Louis XIV - Tome 2 - L'hiver du grand roi
Palatine, s’est inquiétée aussi. Mais la duchesse de Berry n’a écouté ni son mari ni sa mère. Et Louis a préféré se contenter d’un « je verrai » quand on lui a rapporté ces frasques et même ces soupçons de liens incestueux entre Philippe d’Orléans et sa fille.
Il est surpris par le mouvement brusque de la duchesse de Berry. Elle s’appuie à la table des deux mains, repousse sa chaise, la renverse en se levant, quitte la table, et on l’entend vomir dans l’antichambre.
Il est soucieux dans les jours qui suivent, comme si ce comportement de la duchesse de Berry révélait, malgré la naissance du duc d’Anjou et le mariage du duc de Berry, que l’étiquette de la Cour n’était qu’un masque posé sur des passions, des débauches et des ambitions.
Il a beau réunir autour de la même table, pour le souper du roi, son fils le dauphin et son petit-fils le duc de Bourgogne, il sait qu’entre le père et son fils aîné, l’entente ne règne pas. Il connaît les défauts et les qualités de l’un et de l’autre.
Le dauphin aime les arts et les plaisirs. Il est nonchalant. Les rumeurs le disent apathique, étouffé par sa graisse. On critique son mariage secret avec une Mlle Chouin qui régente les soirées du château de Meudon. Saura-t-il gouverner le royaume ? Les espions du lieutenant de police d’Argenson le disent populaire.
Ils assurent aussi qu’autour de son fils, le duc de Bourgogne, s’est constituée une coterie, une cabale, animée par le duc de Saint-Simon, les ducs de Beauvillier et de Chevreuse, et ce Fénelon qui, de son évêché à Cambrai, est l’âme de ce parti dévot. Ils espèrent que l’accession au trône du duc de Bourgogne permettra la constitution d’un gouvernement des ducs et des princes, consultant tous les trois ans les états généraux, « États du royaume entier ».

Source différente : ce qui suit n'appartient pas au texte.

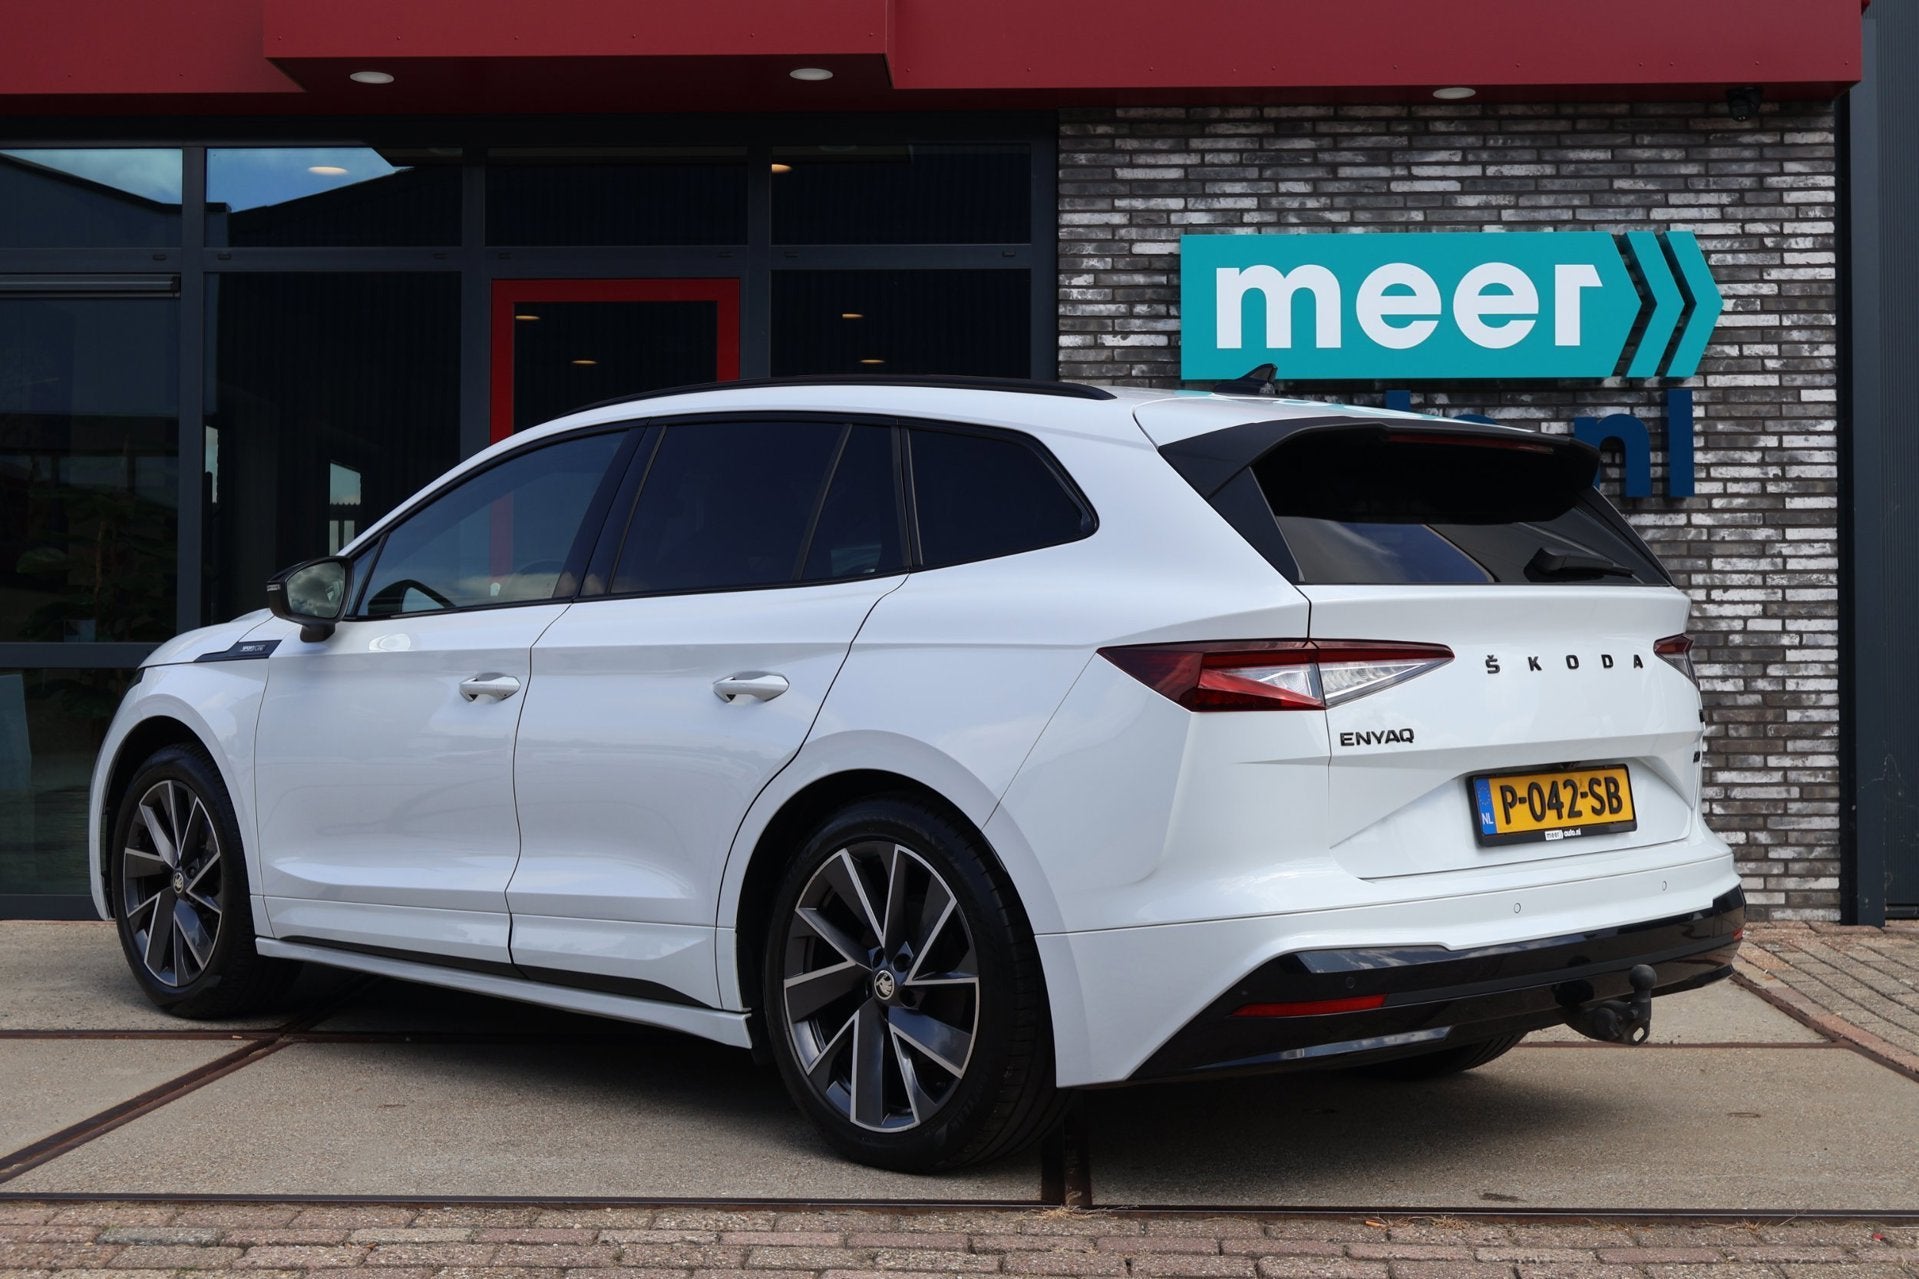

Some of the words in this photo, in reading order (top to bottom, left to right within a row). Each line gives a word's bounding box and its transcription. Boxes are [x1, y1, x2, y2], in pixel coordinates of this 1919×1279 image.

[1216, 262, 1603, 350] meer
[1485, 654, 1644, 674] ŠKODA
[1339, 728, 1415, 747] ENYAQ
[1500, 776, 1623, 825] P-042-SB
[1481, 812, 1494, 825] NL
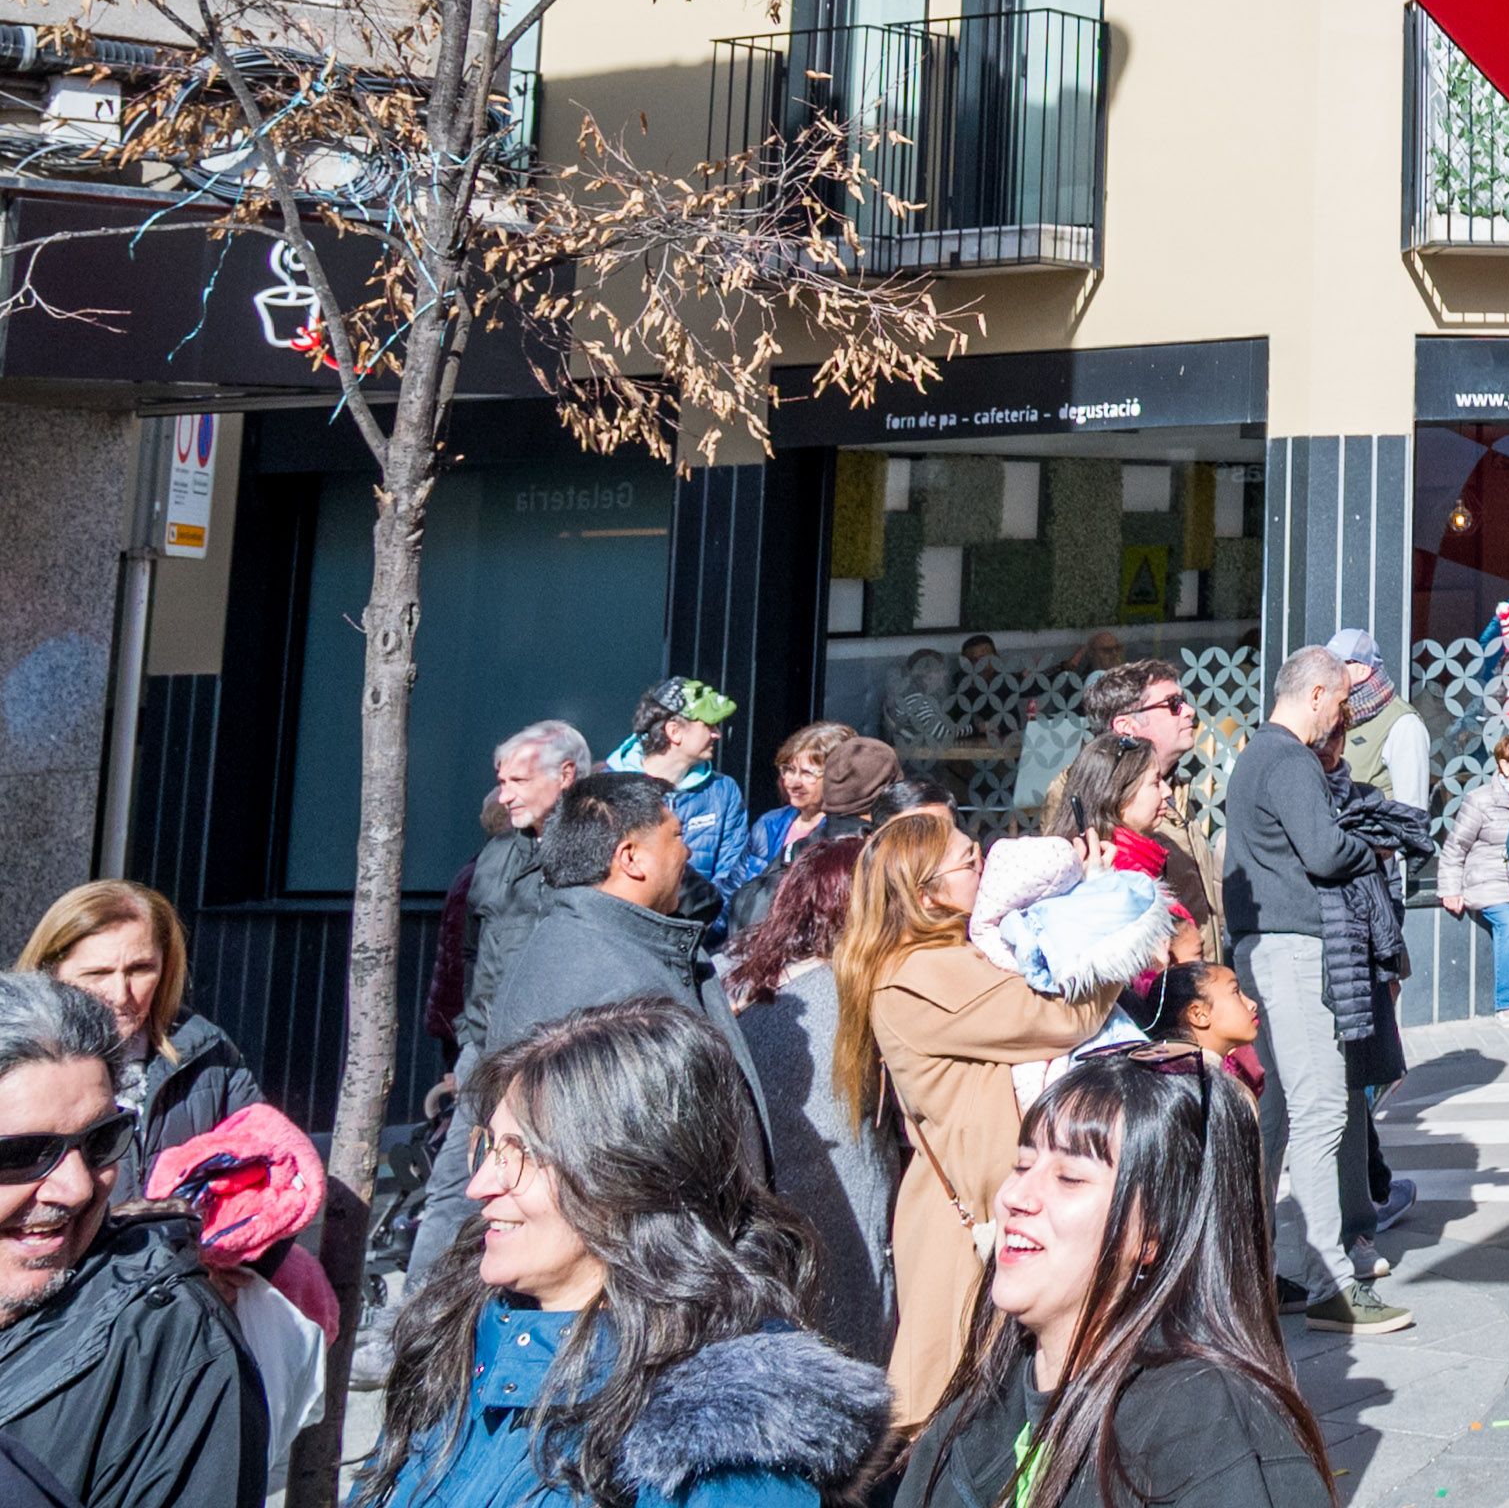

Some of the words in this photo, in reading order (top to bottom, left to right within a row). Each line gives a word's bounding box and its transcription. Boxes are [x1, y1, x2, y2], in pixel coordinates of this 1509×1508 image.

C’est la mort du roi qu’ils escomptent.
Il le sait, elle est là, toujours en embuscade.
Le 9 avril, un courrier venu du château de Meudon lui tend une missive des médecins du dauphin.
Le dauphin s’habillait pour la chasse au loup, sa passion quotidienne, quand il s’est affaissé sur sa chaise percée, le visage empourpré, frappé par une soudaine fatigue, un accès de fièvre. Et les médecins craignent la petite vérole.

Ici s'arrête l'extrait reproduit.